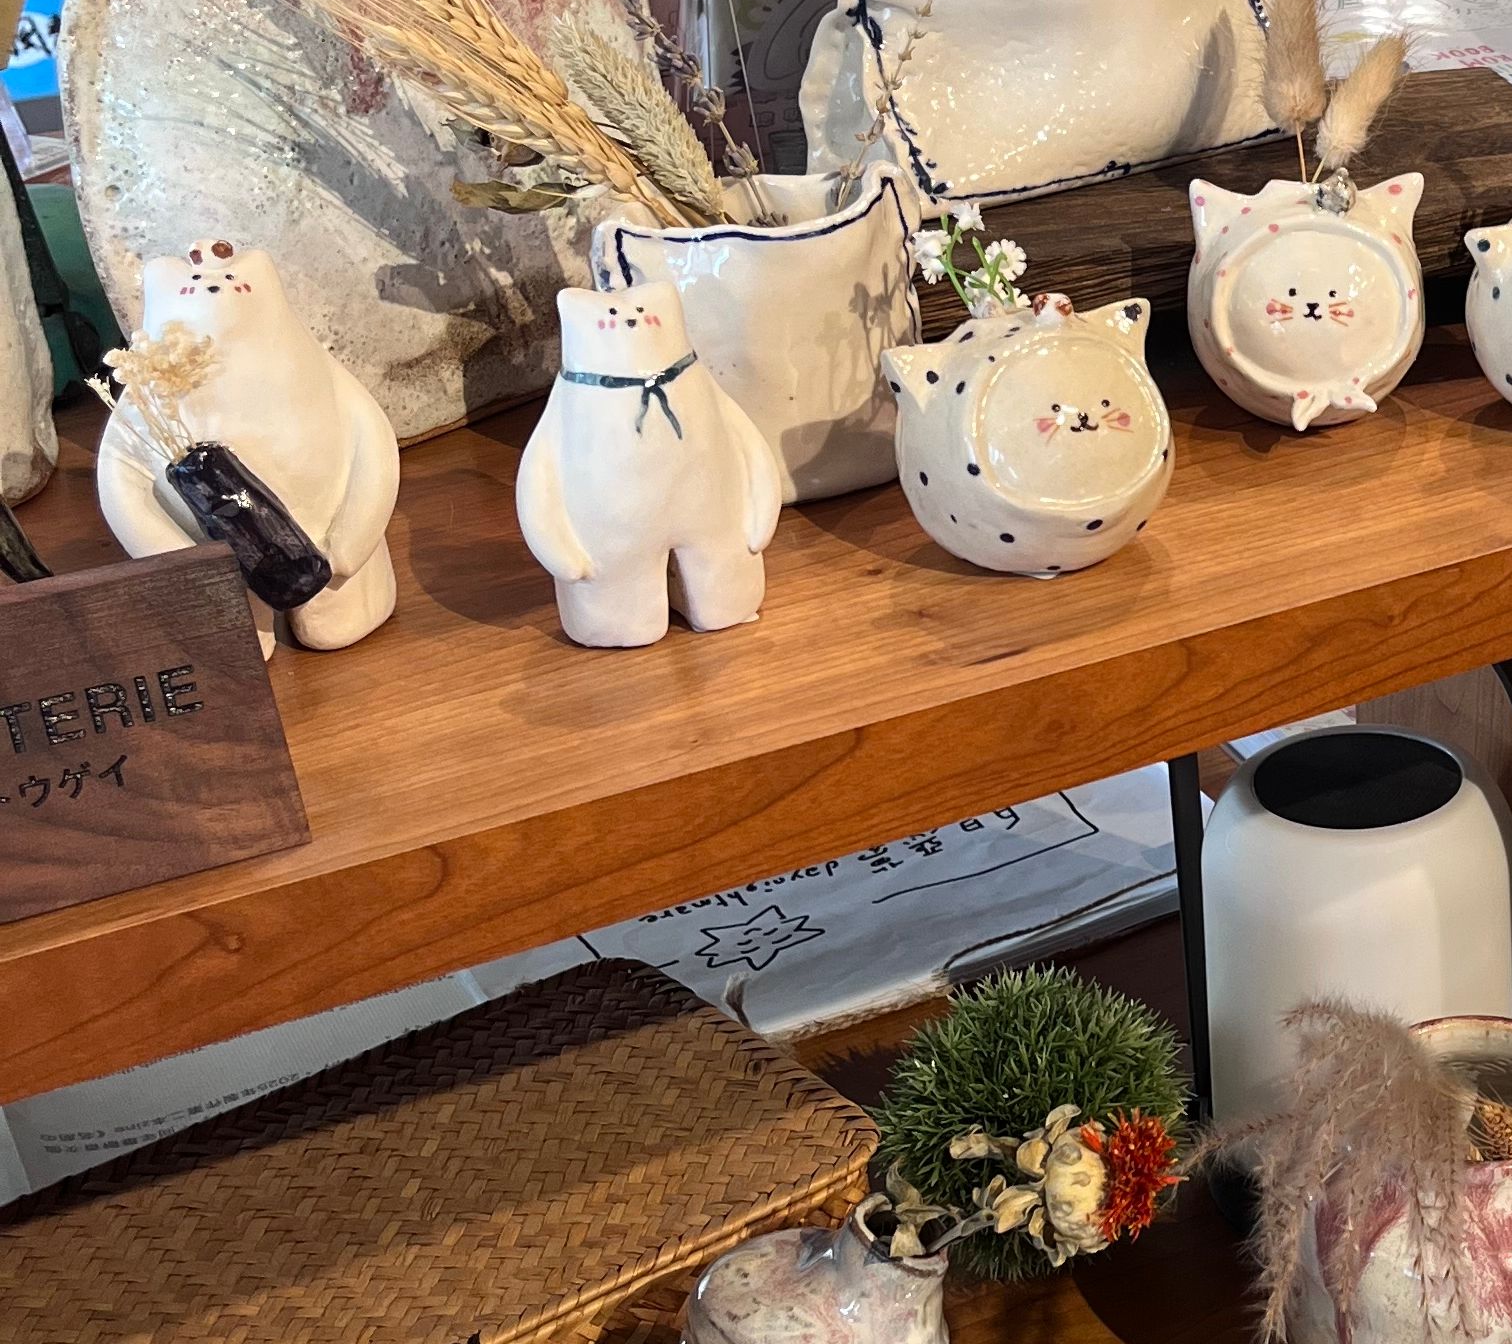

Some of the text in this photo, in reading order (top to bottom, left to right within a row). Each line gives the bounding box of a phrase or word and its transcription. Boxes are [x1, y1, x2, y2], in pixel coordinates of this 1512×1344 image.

[1431, 44, 1495, 61] BOOK
[0, 664, 204, 753] TERIE
[0, 755, 128, 808] ウゲイ
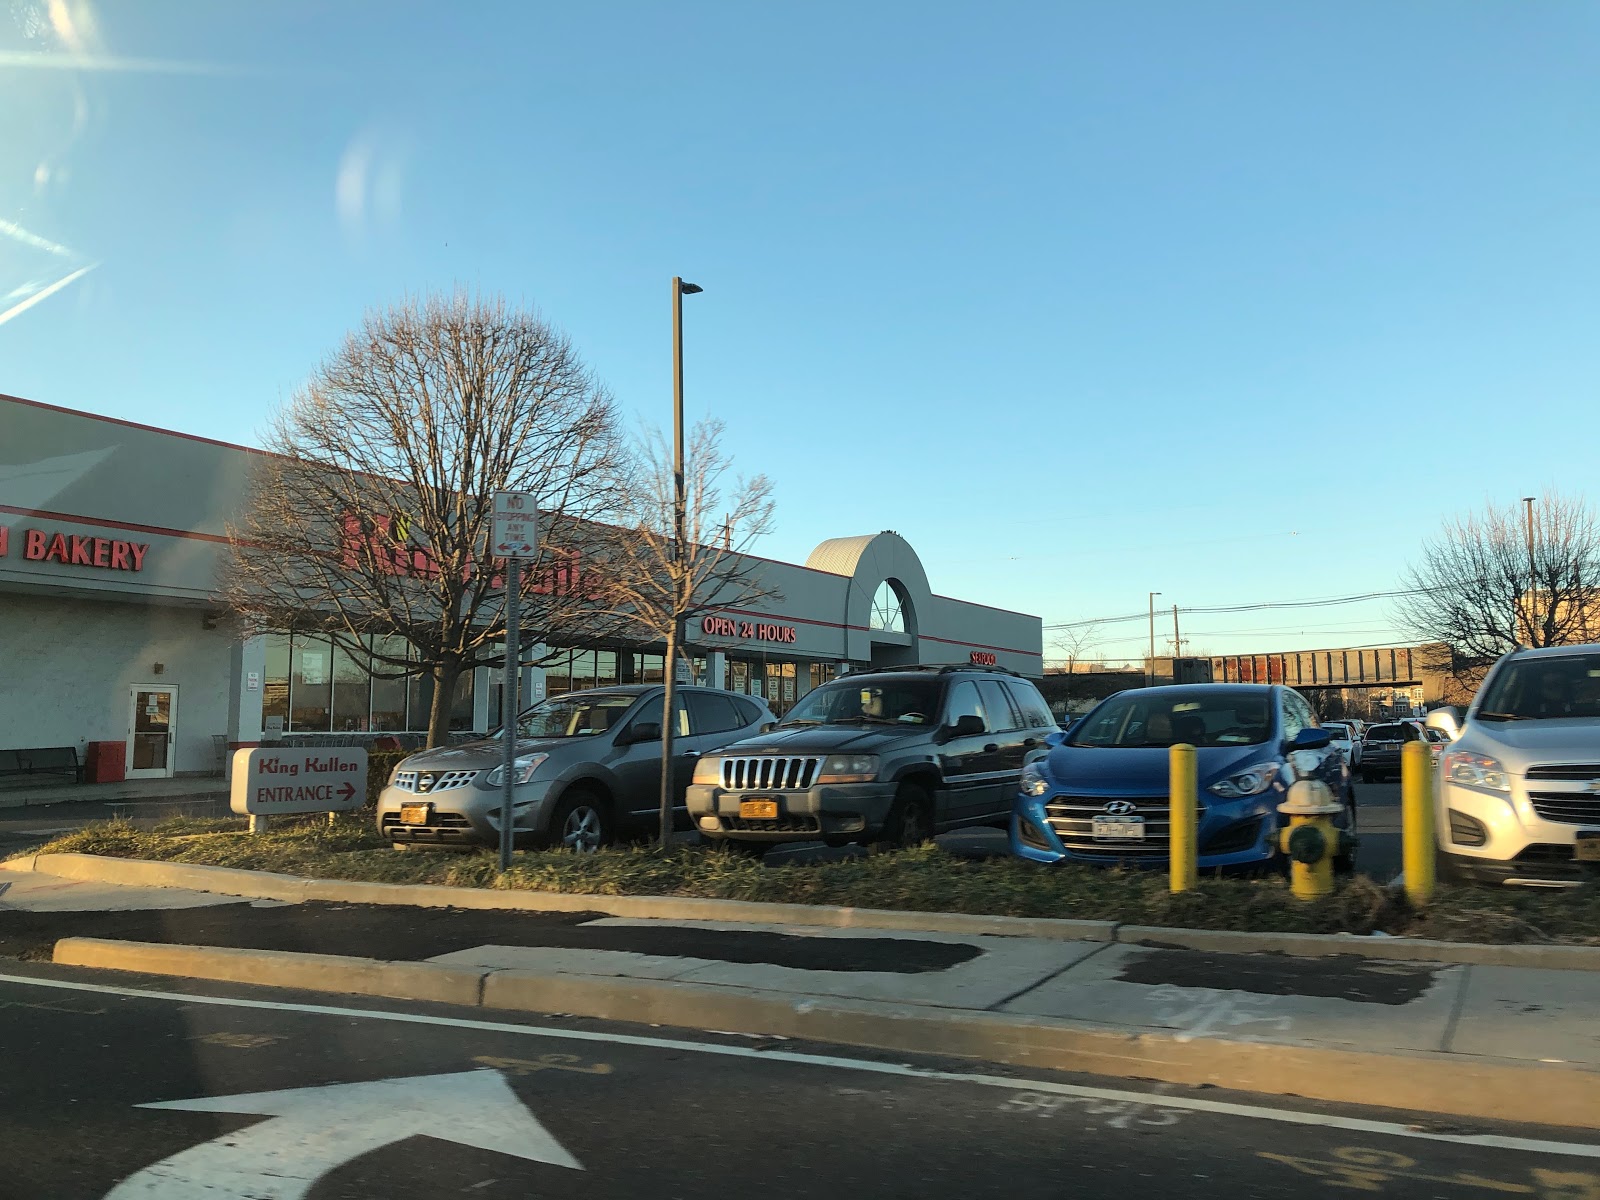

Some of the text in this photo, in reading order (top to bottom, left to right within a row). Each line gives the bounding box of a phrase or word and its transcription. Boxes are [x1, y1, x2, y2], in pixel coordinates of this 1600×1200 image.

════

■ **Directions for this task**
Images aside, return each entry above precisely as it stands.

■ **Result**
Some of the text in this photo, in reading order (top to bottom, left to right within a row). Each line gives the bounding box of a phrase or word and its transcription. Boxes are [x1, y1, x2, y2], in pixel coordinates of this 1512×1344 image.

[1431, 44, 1495, 61] BOOK
[0, 664, 204, 753] TERIE
[0, 755, 128, 808] ウゲイ

Some of the text in this photo, in reading order (top to bottom, left to right within a row). Each line gives the bounding box of a phrase or word and its transcription. Boxes are [x1, y1, x2, y2], in pixel coordinates of this 1600×1200 image.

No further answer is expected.